Even before a series of government announcements that pointed out that even highest football officials were under investigation, Hu suggested that Chinese men’s soccer was “rotten to the core”.

His post went viral, with many commentators desperately calling for a comprehensive review of Chinese football. It is unclear if the country, and particularly Xi and the rest of China’s leadership, will rally so publicly behind another effort.

An earlier anti-corruption campaign that included the imprisonment of soccer managers and officials heralded the start of the latest efforts to grow the sport. The latest arrests and detentions, Liu said, could be a sign of the government’s willingness to persevere.

The director of China’s national sports agency, Gao Zhidan, seemed to suggest that recently. At a press event after China’s annual legislative session on March 12, when soccer conspicuous by its absence At a meeting on sports, Gao said he had been “reflecting deeply on the serious problems in the soccer industry” and said his agency would redouble its efforts to build competitive leagues and promote young talent.

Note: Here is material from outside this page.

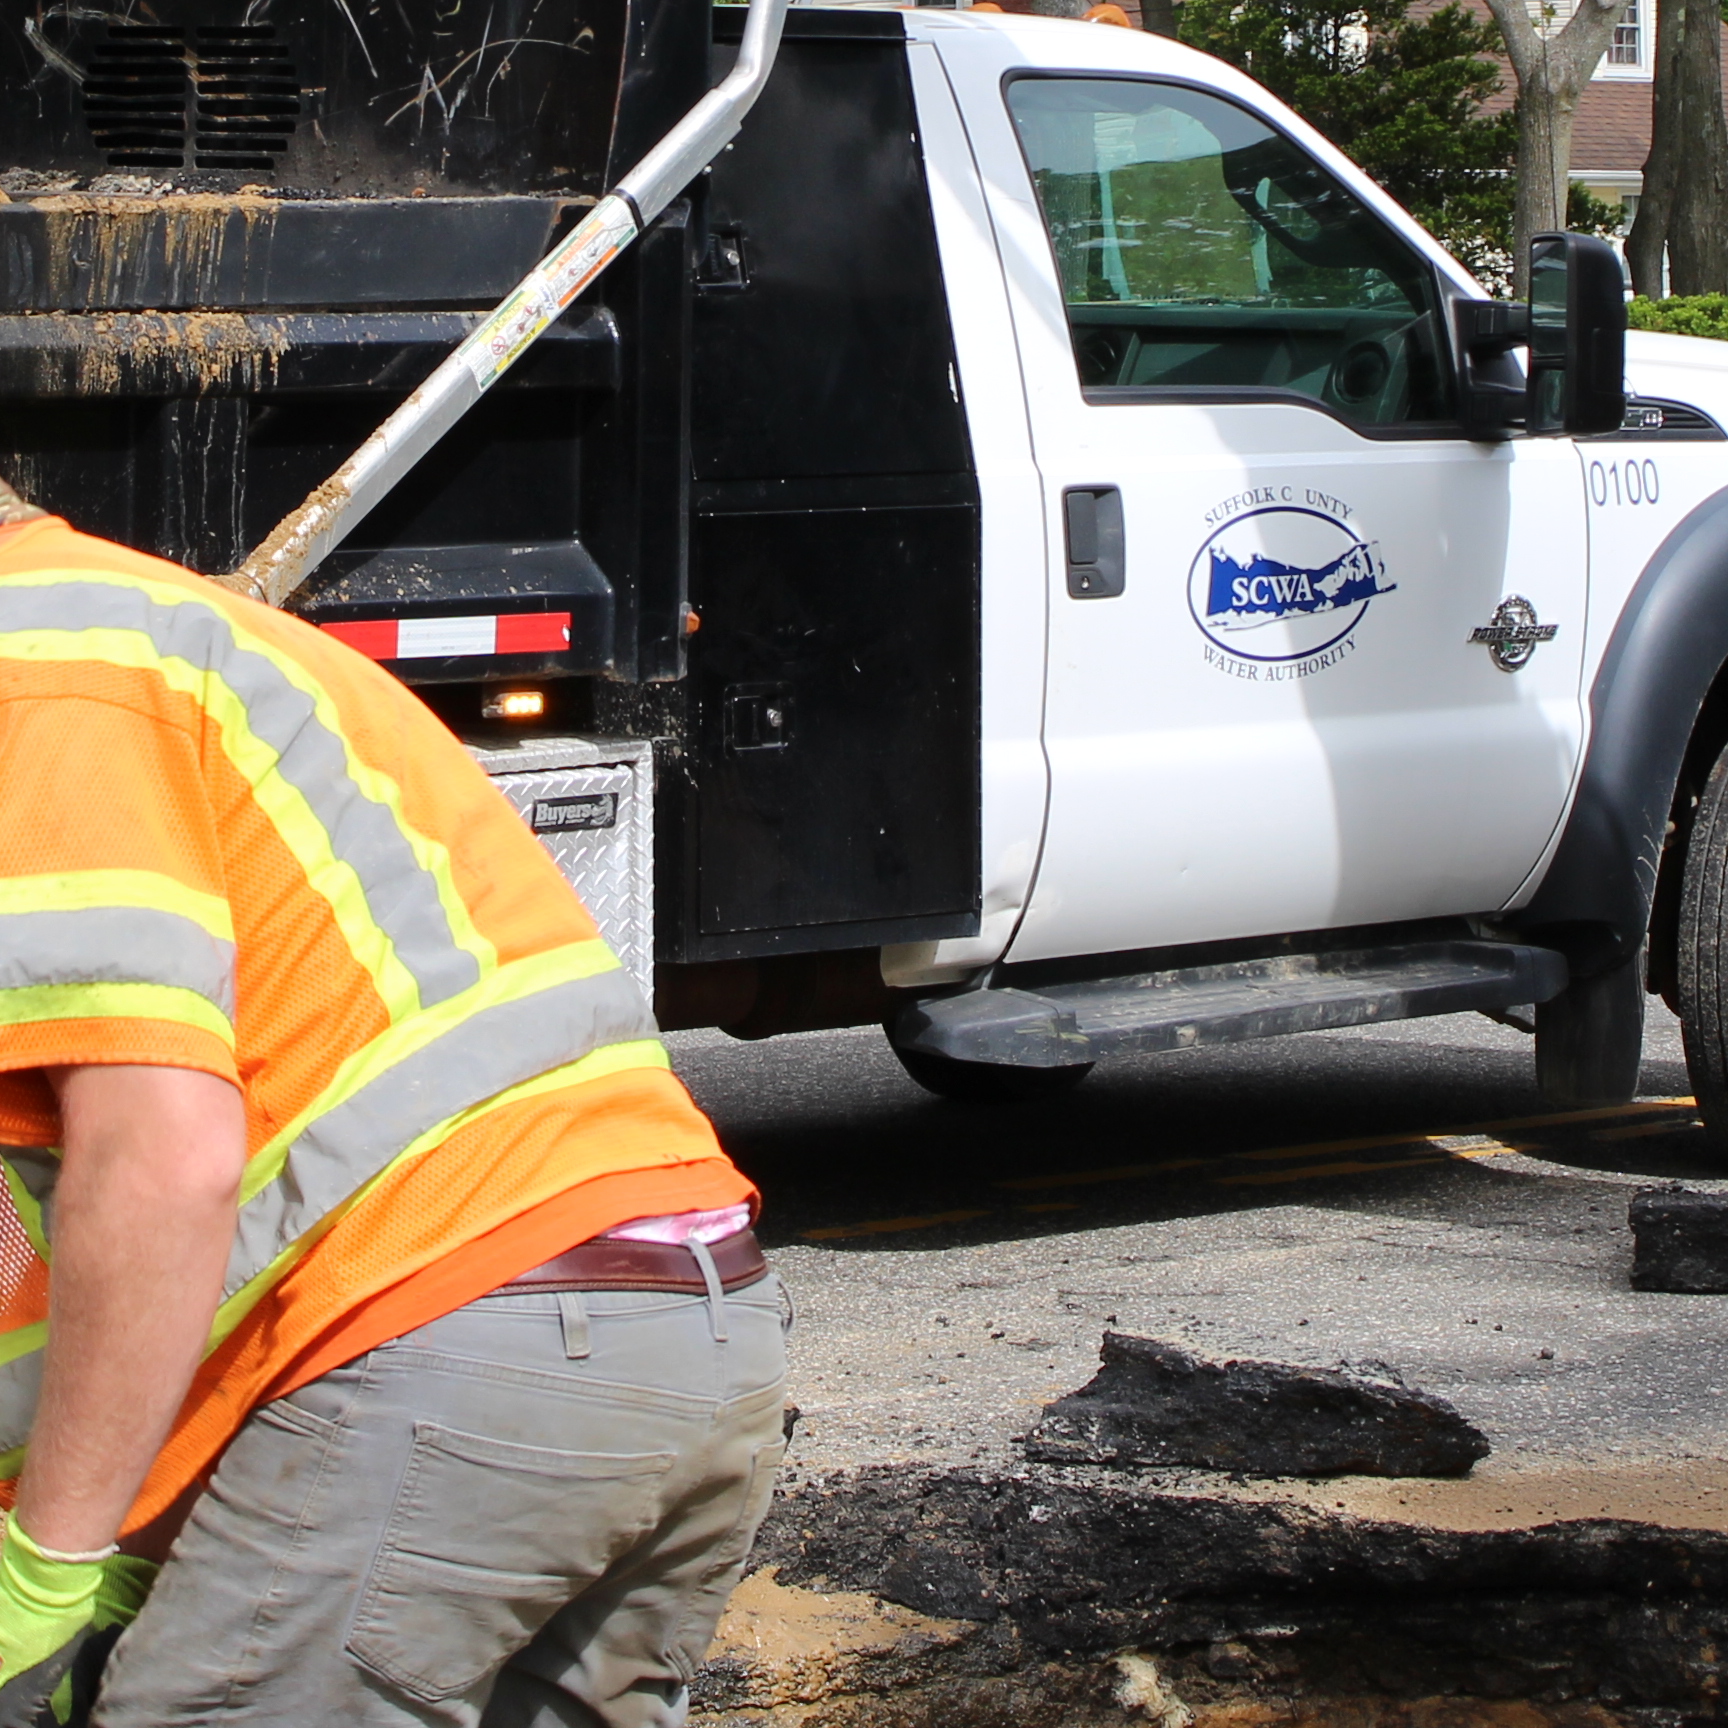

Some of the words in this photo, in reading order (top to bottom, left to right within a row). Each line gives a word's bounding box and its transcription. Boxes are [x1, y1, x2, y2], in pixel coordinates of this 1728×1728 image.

What that will look like is unclear. There is still no official start date for the new season, which is expected to be in April with a small number of teams. Among the casualties were Hebei, which had not long ago attracted Argentine stars such as Javier Mascherano and Ezequiel Lavezzi, and Zibo Cuju, a team based in a city once recognized by FIFA as “the cradle of the first forms of soccer”.

A scaled-down league will signal another setback of China’s grand ambitions, when it finally begins. When will that be? Nobody is safe. An official announcement of the league format has not yet been made.

chang che and john liu contributed reporting.